Edmunds analyst Ivan Drury says General Motors is trying to increase market share in Oregon and Washington, where about 11 percent to 12 percent of vehicles on the road are GM models, versus 17 percent to 20 percent nationwide.
"For some consumers, they could save a sizable amount of money," he says, particularly if it's combined with low finance offers.
Although no other automaker currently offers free car insurance, the idea isn't new. Volkswagen partnered with Nationwide in 2005 in a similar program, which offered Wisconsin and Illinois buyers of new Golf, Beetle and Beetle Convertible models free Nationwide car insurance for a year. The program did not continue after the three-month pilot period.
Why not just give buyers rebates? Drury says if the offer was that straightforward, "we wouldn't be talking about it right now."
The MetLife car insurance package for GM buyers includes the following coverage levels:
Buyers also get MetLife's car-replacement feature, which promises to replace a vehicle that's declared a total loss with a new vehicle without deducting for depreciation. Typically if a car is damaged beyond repair, standard car insurance pays the policyholder the actual cash value, which in the first year of purchase can be thousands less than the price of a new car.
The car-replacement coverage in the GM/MetLife policy is good for the vehicle's first year or first 15,000 miles, whichever comes first.
Car buyers who choose not to take the MetLife auto insurance do not get a credit or cash back.

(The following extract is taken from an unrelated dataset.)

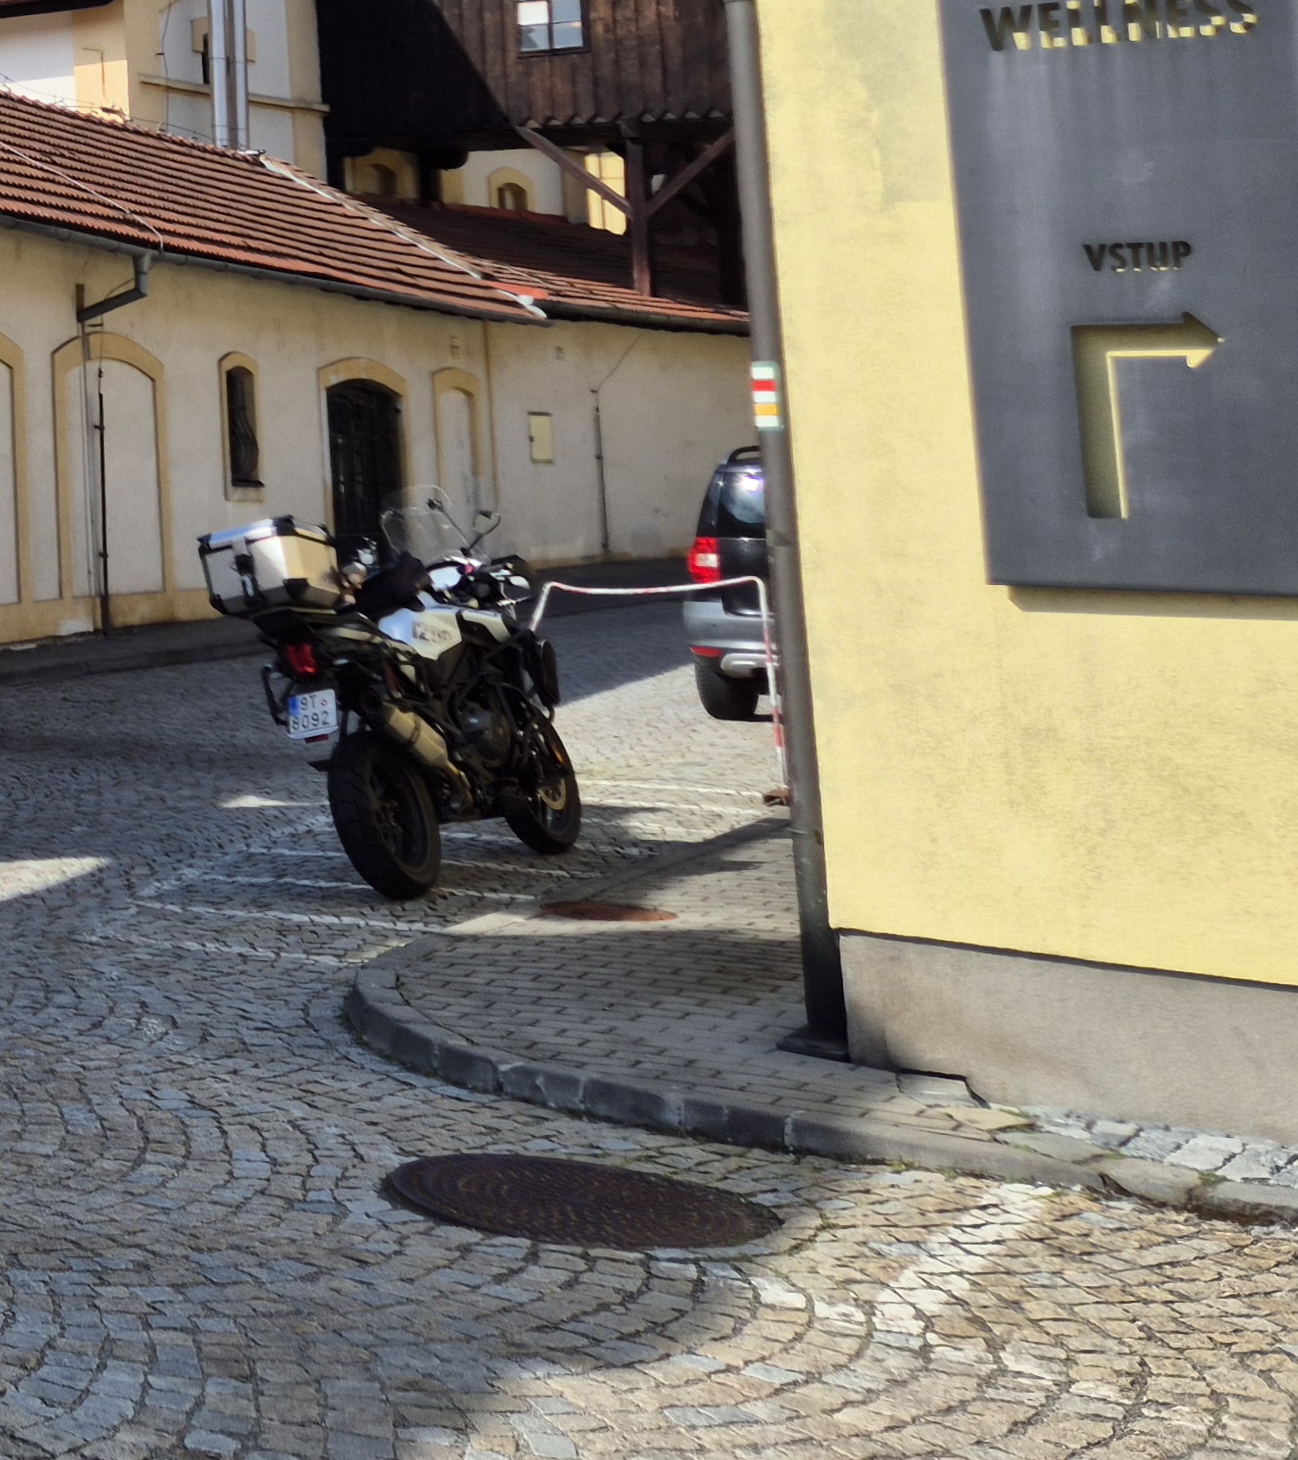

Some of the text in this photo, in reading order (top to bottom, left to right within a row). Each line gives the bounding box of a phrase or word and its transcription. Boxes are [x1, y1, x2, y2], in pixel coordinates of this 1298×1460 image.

After the free year of car insurance ends, customers can apply to renew their policies through MetLife or shop for affordable auto insurance through another carrier.
Hammarstrom says information about rating new customers and costs of the program are proprietary and did not provide additional details.
The terms and conditions on the General Motors website say customers may be asked to provide personal information to MetLife "to enable it to rate their policies, so it can dispatch a bill to the auto manufacturer. MetLife Auto & Home may use information provided by consumer reporting agencies, such as credit, driving record and claim history." But the process does not impact the customer's eligibility for the program.
Hammarstrom says car dealers do not have access to information about cost of the insurance when they're working with buyers.
After the program expires in September, General Motors and MetLife officials will evaluate its results and decide whether to expand it.